The best time to pick calendula blooms depends on what you intend to use them for. If you want to use fresh flowers for a salad or tea, pick the fresh, new blooms. Flowers that are beginning to wilt or that have become over-blown are best left to fade completely, and the plants used for seed harvesting.
Calendula leaves can be added to salads – they have a distinctive taste that can add a kick to any salad plate.
This is an annual plant, so a fresh planting will be needed each year unless you leave a proportion of plants to self-seed.
Echinacea is a hardy herb that requires minimal care to grow successfully. As a perennial plant, once established it will grow year on year. Echinacea can be difficult to grow from seed. Luckily, you can buy medicinal herb plants like echinacea, which come pre-established.
The roots, leaves, and flowers of the echinacea plant can all be used for medicinal purposes. The type of harvesting will depend on which parts you wish to use. We recommend planting a few echinacea plants so that if you choose to use the roots of one or two, there will still be plenty left for later harvest.
These hardy annuals provide a stunning splash of color for borders, hanging baskets, and container planting, as well as having a number of culinary uses. The leaves, seeds, and flowers are all edible.
Although flowers can be harvested separately, it’s usually easier to harvest the entire plant. Nasturtium seeds are a particularly tasty delicacy – leave the flowers to seed and then harvest once the seeds have formed. Patience is a virtue when it comes to nasturtium seeds – the bigger they are when picked, the tastier they are. Bigger seeds are also more likely to germinate, should you wish to harvest seeds to plant next year.

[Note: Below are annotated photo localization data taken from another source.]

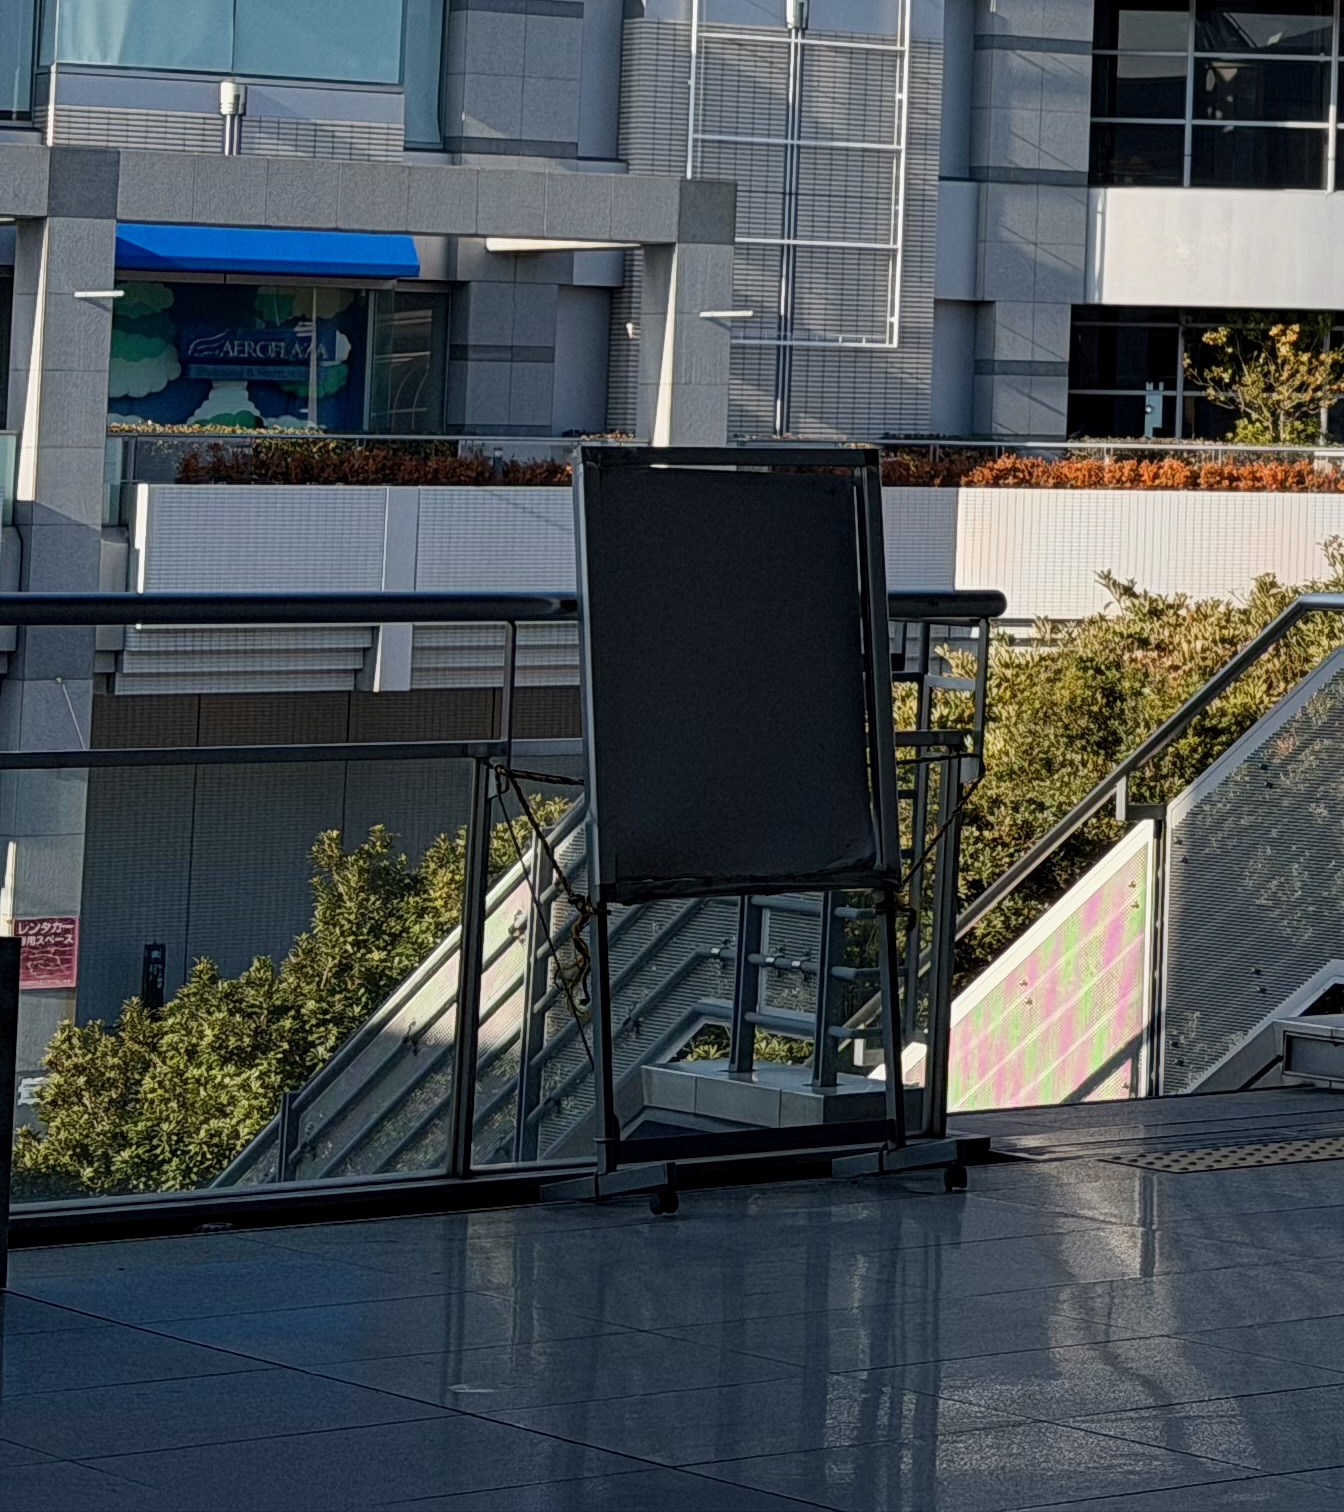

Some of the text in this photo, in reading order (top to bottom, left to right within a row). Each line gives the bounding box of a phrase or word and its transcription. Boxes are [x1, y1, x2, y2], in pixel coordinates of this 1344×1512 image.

[17, 921, 75, 935] レンタカー
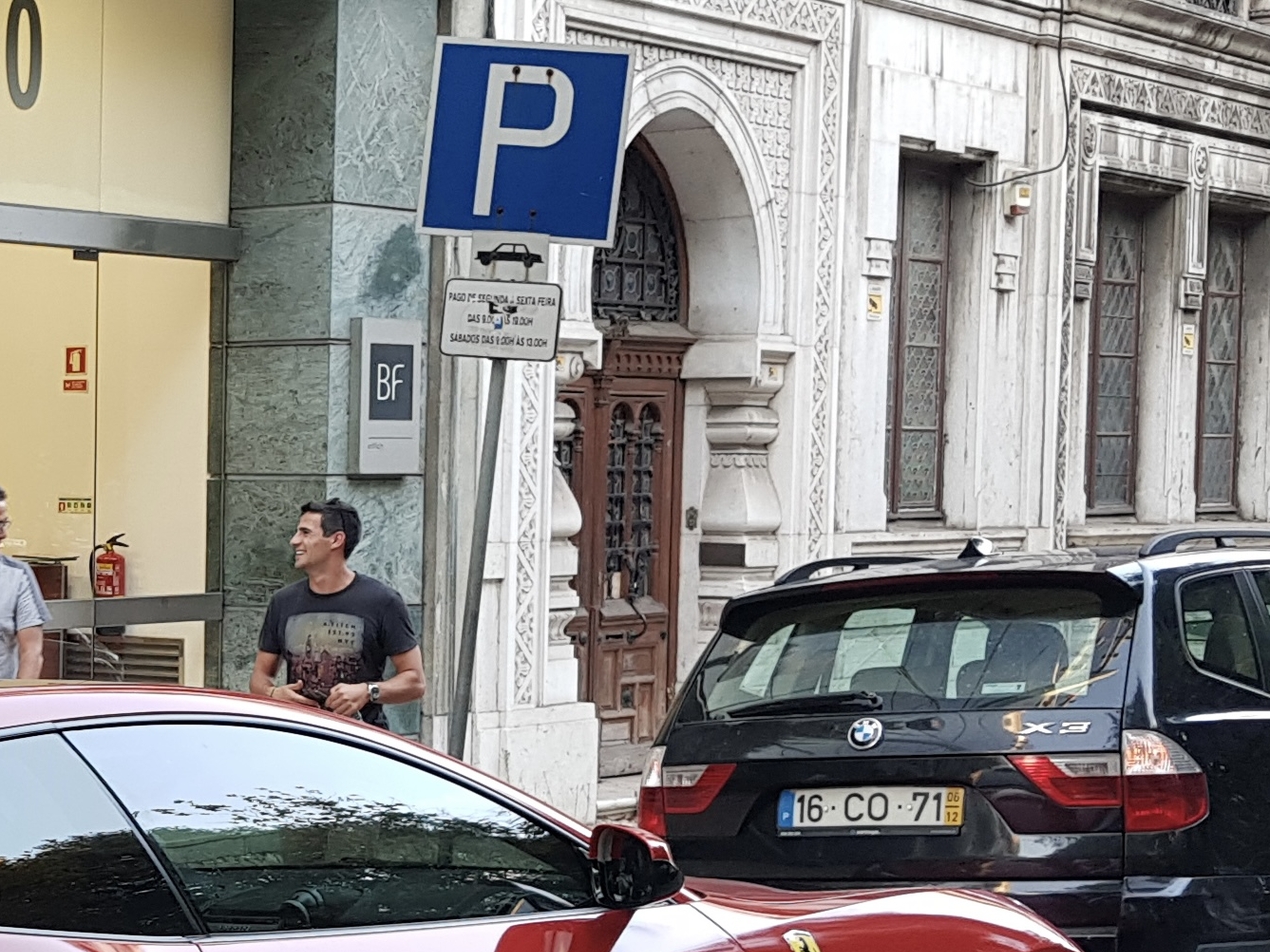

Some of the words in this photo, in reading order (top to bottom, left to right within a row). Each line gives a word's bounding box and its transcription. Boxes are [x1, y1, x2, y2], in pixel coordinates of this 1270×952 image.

[473, 63, 574, 216] P
[377, 363, 405, 401] BF
[1021, 721, 1091, 734] X3
[946, 811, 958, 822] 12
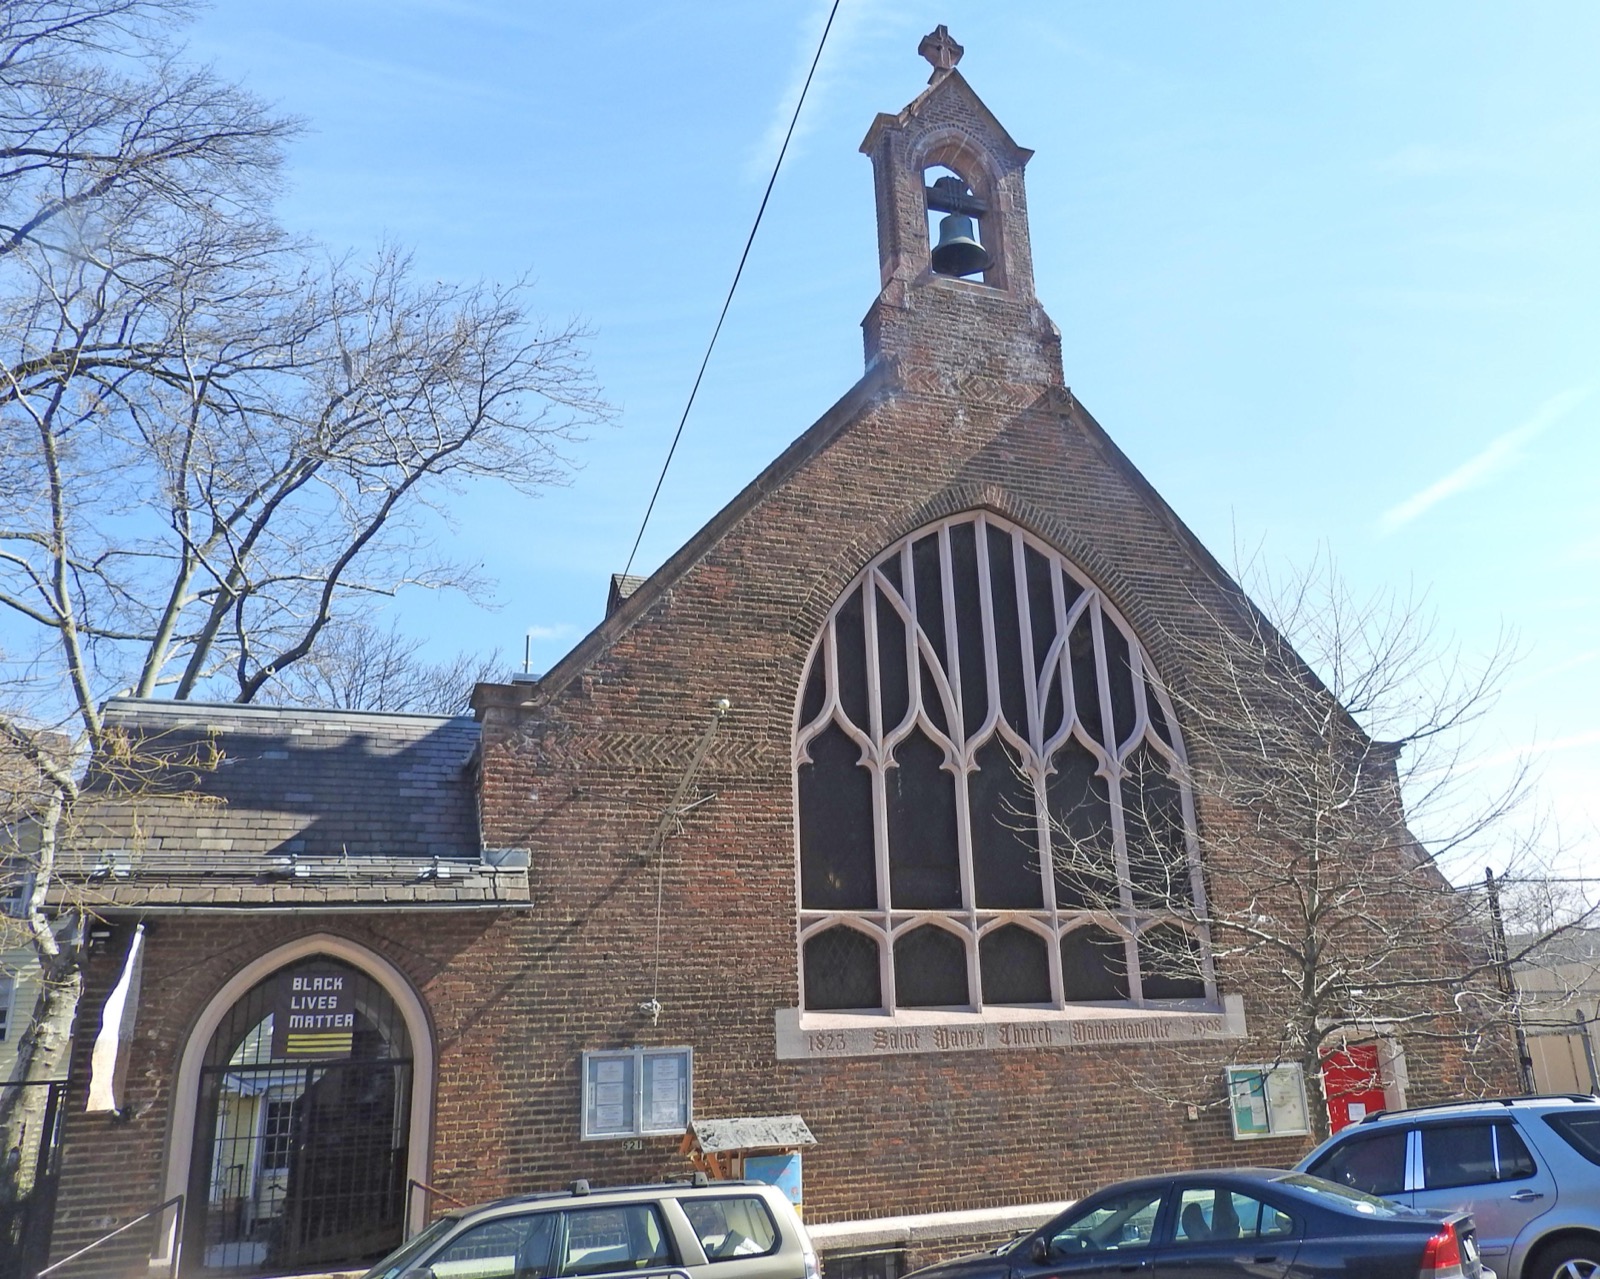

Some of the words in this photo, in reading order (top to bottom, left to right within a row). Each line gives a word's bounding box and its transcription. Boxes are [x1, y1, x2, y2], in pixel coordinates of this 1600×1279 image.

[292, 977, 343, 991] BLACK
[290, 996, 338, 1010] LIVES
[289, 1013, 354, 1028] MATTER
[808, 1029, 846, 1051] 1823
[873, 1028, 920, 1051] Saint
[999, 1021, 1052, 1045] Church
[1192, 1018, 1222, 1036] 1908
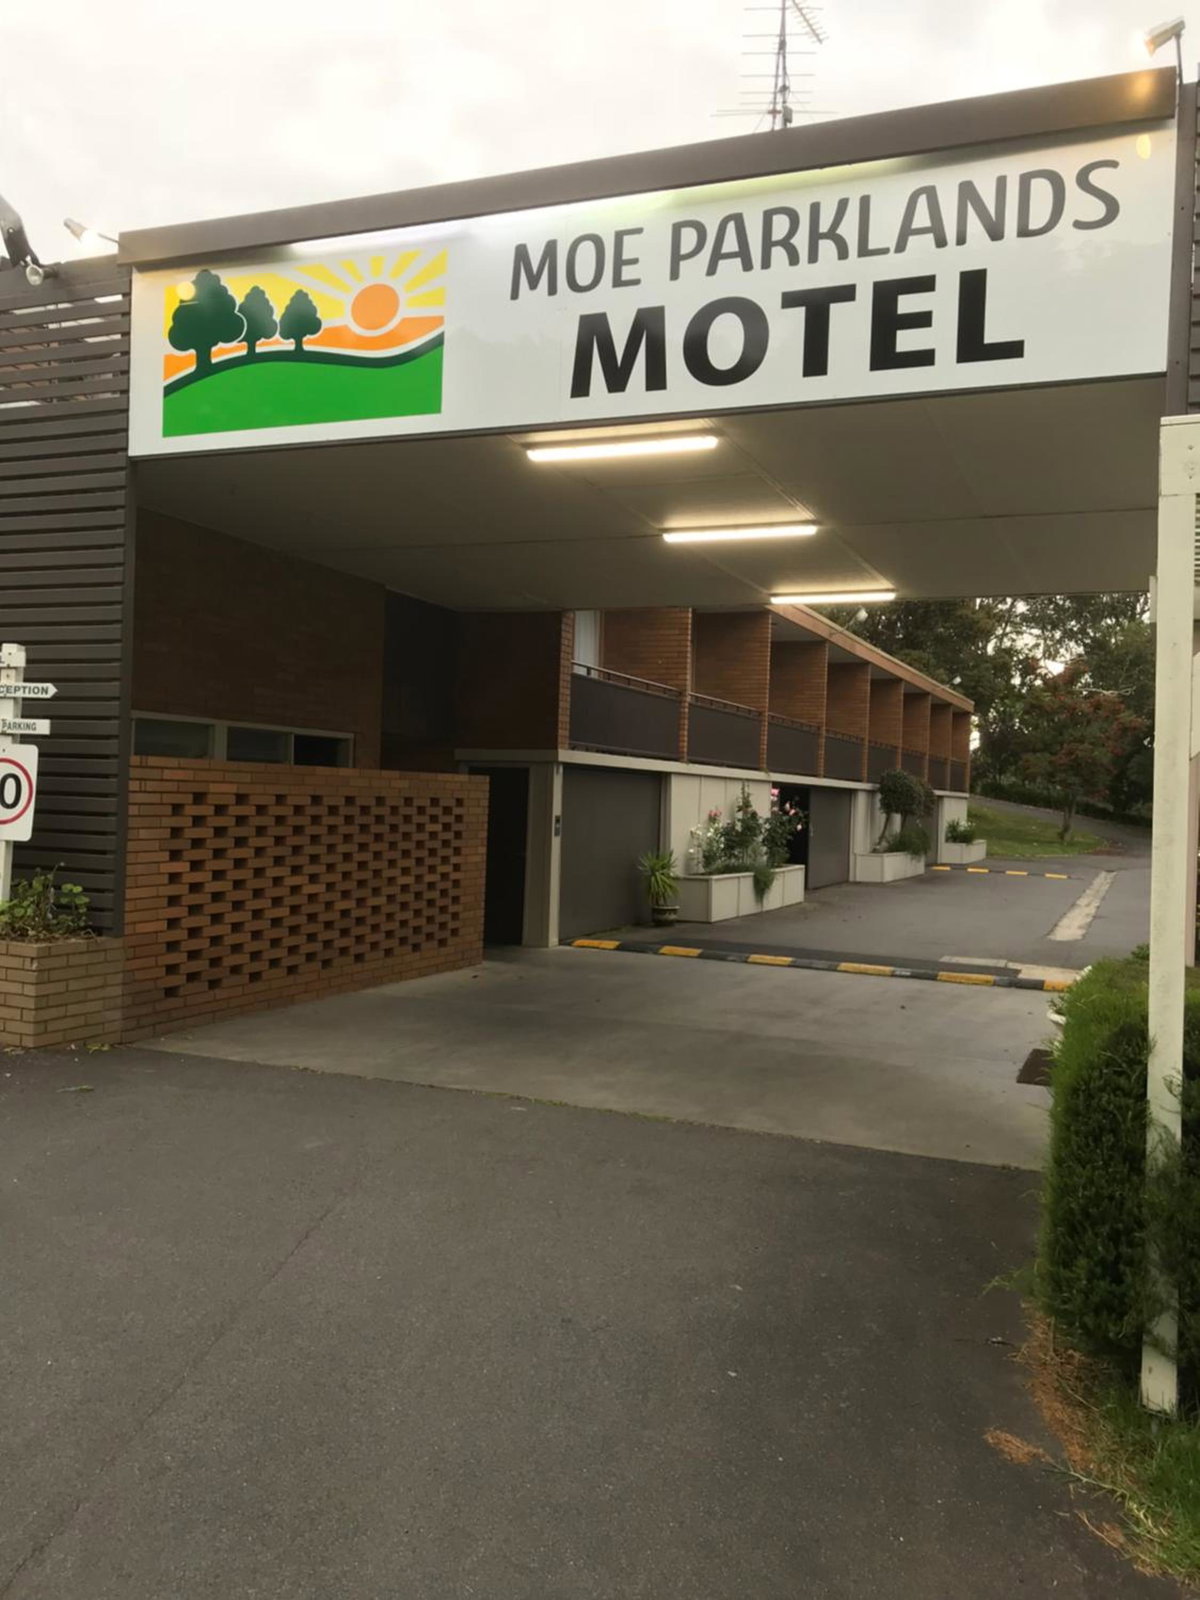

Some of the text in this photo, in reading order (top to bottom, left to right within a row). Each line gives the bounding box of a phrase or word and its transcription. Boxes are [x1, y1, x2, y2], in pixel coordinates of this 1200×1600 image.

[510, 160, 1120, 301] MOE PARKLANDS
[570, 268, 1025, 399] MOTEL
[2, 719, 37, 731] PARKING

Garlic chives are a perennial that can be harvested at almost any time of the year. Garlic chive leaves are the part of the plant that’s used. These can be cut to within about an inch of the ground for culinary or medicinal use. In time, the leaves will regrow, providing a fresh crop.
Chives are best used fresh. Their long growing season means there’s less need to dry and store them in comparison with other herbs.
Yarrow flowers are commonly harvested for a range of purposes. Simply cut off the flowerheads when the flowers are fresh. Avoid over-blown or faded blooms. Yarrow is a perennial plant, so will grow from year to year provided its harvested sustainably.
Like many other perennial herbs, Yarrow doesn’t grow well from seed. We recommend buying established Yarrow plants to optimize the chances of a successful harvest.
Harvested correctly, medicinal herbs can provide a generous yield that can be used for a range of purposes. Well-established, healthy plants are going to give the best harvest, which is why we recommend buying medicinal herb plants.
Buying a healthy, established plant increases your chances of a successful harvest and removes the worry and uncertainty which can come from attempting to grow herbs from seed.